Darwinism is controversial partly for the reason that its implications are huge, and extend
beyond the realm of biology. Thanks to Darwin's ideas, the Victorians are beginning to
realize that everything "is in reality a continuous flux," and species that we recognize have
changed and will continue to change over time (45). Nothing is stable, and soon nothing will
be quite as it was. Of course, the Victorians do not like this idea, since they are very attached
to their traditions, and are very conservative in many ways. There are many huge social
changes taking place during this era: changes in the position of women, in the traditional
class system structure, and in people's attitudes toward religion, sex, and a host of other
things. It seems that the shift to the Darwinian perspective precipitates and mirrors other
shifts in the Victorian consciousness.

In different interviews, Fowles has expressed various views on scientific progress. In a Paris
Review interview, he highlights the importance of Darwinian thought in the Victorian age:
this was when "rational science began at last to cast off the shackles of obscurantist religion,
when reason began to triumph over myth." This seems to be a positive portrayal as science as
a force for enlightenment and social good. However, Fowles mitigates this by claiming that
"[o]ur present scientific world...has its faults and problems, of course, and perhaps the
pendulum has swung too far." Seemingly, Fowles is suggesting that there is a limit to what
science can achieve, and that more science isn't always the answer to society's problems, even
though it did a lot of good for the backward Victorians.

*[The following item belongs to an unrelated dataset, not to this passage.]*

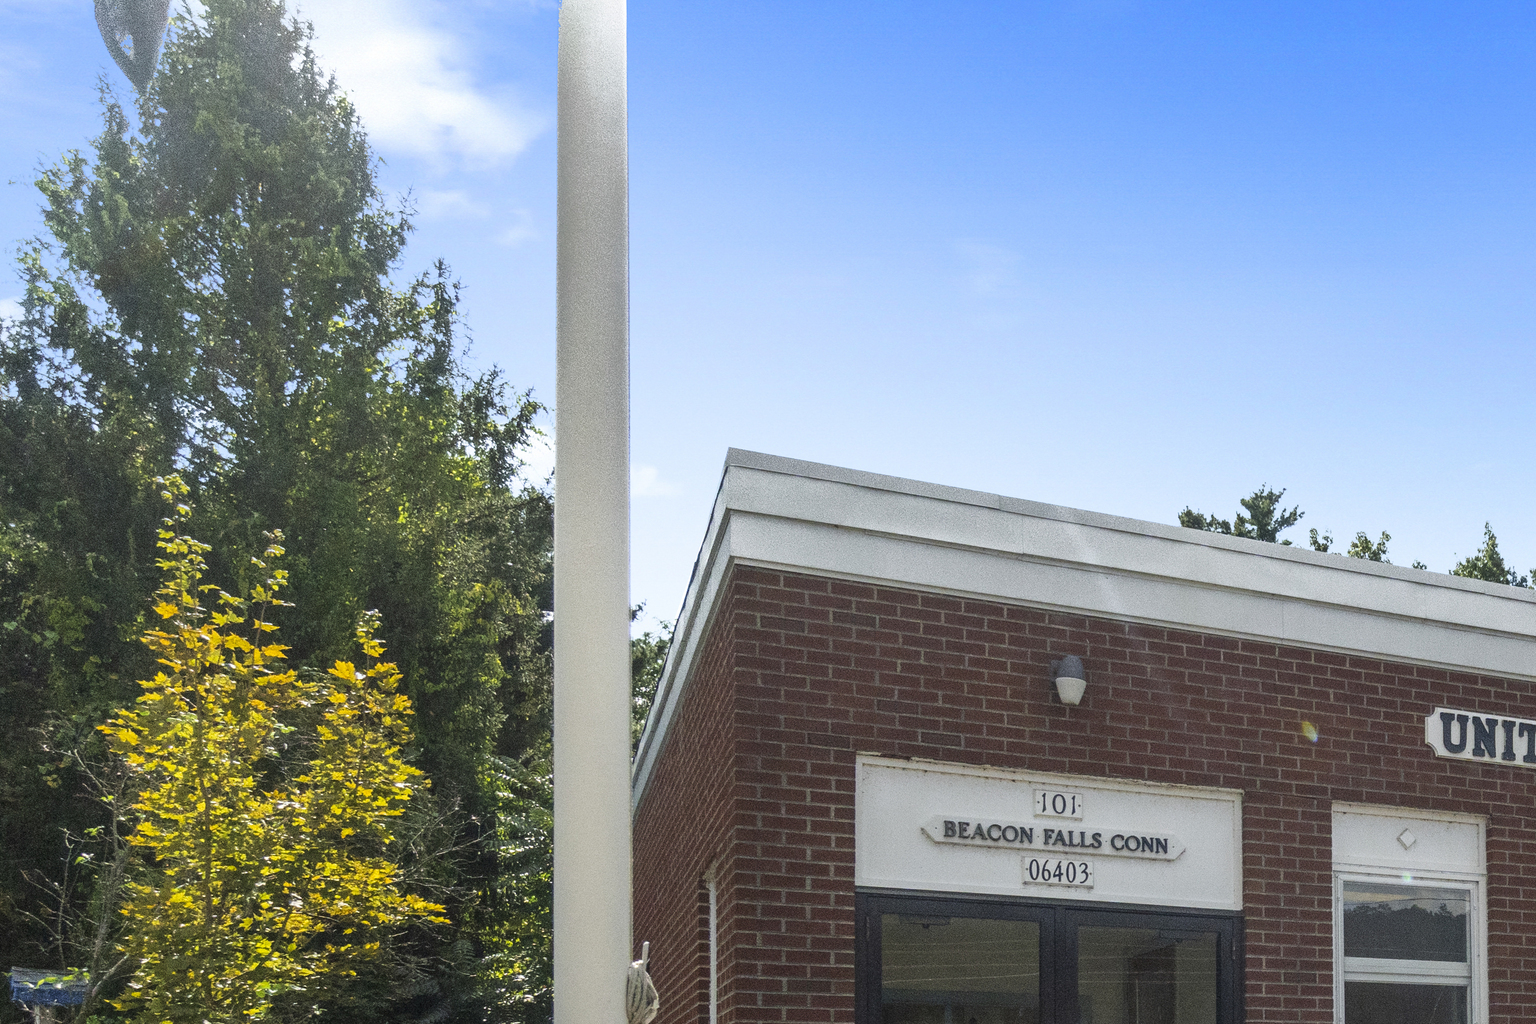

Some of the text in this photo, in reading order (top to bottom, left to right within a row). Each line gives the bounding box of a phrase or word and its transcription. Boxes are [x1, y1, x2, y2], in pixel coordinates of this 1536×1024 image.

[1041, 793, 1077, 815] 101
[943, 820, 1169, 854] BEACON FALLS CONN
[1029, 858, 1089, 883] 06403

In a BBC interview in 1977, Fowles casts doubt on the ability of science to answer all our
questions, saying that to think that science "has solved all our problems" is just an "illusion,"
and that science will never be able to explain everything. What is left, when science has
explained all it can, must be tackled by something else - maybe spirituality; maybe art.

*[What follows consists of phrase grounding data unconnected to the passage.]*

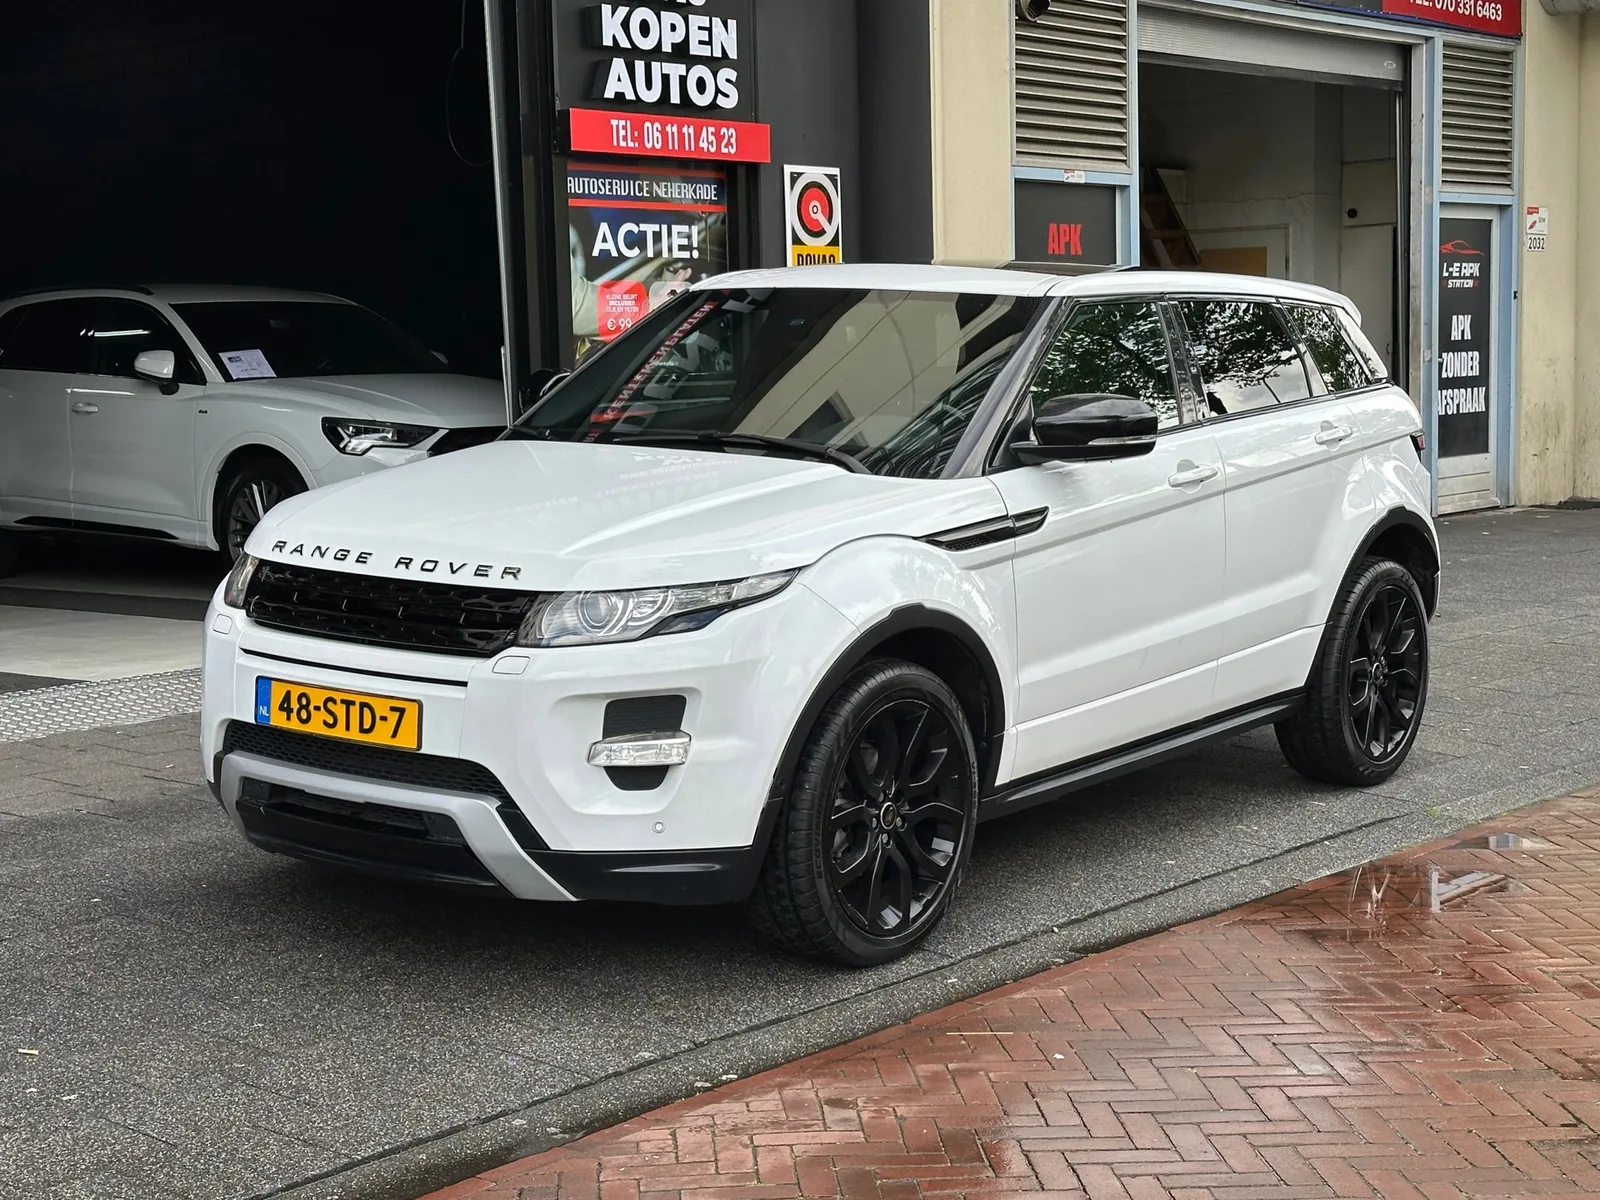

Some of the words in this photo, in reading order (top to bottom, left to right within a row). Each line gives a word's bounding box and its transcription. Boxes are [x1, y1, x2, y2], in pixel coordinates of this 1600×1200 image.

[1457, 0, 1474, 16] 331
[1476, 0, 1502, 21] 6463
[601, 4, 738, 59] KOPEN
[603, 57, 739, 109] AUTOS
[610, 119, 638, 148] TEL:
[643, 121, 662, 149] 06
[665, 123, 678, 150] 11
[682, 124, 695, 152] 11
[699, 126, 717, 153] 45
[720, 127, 736, 154] 23
[653, 181, 718, 200] NEHERKADE
[592, 221, 700, 259] ACTIE!
[1047, 223, 1082, 256] APK
[1528, 236, 1545, 250] 2032
[1442, 262, 1460, 277] L-E
[1460, 262, 1480, 277] APK
[1447, 279, 1474, 289] STATION
[606, 317, 617, 331] €
[618, 317, 632, 331] 99
[1450, 314, 1472, 341] APK
[1441, 350, 1480, 379] ZONDER
[271, 540, 373, 565] RANGE
[394, 556, 522, 580] ROVER
[259, 705, 270, 717] NL
[277, 689, 407, 739] 48-STD-7

Science isn't as joyful as an unscientific appreciation of nature - when overwhelmed by the
beauty of nature in Chapter 10, Charles is "forced...into anti-science" (60). Only art can truly
capture the perfect loveliness of scenes like this, the narrator comments, and in particular
only the art of the Renaissance era. Furthermore, in Chapter 29, science seems to deny the
secret that Nature clearly conveys to Charles: that all life is equal.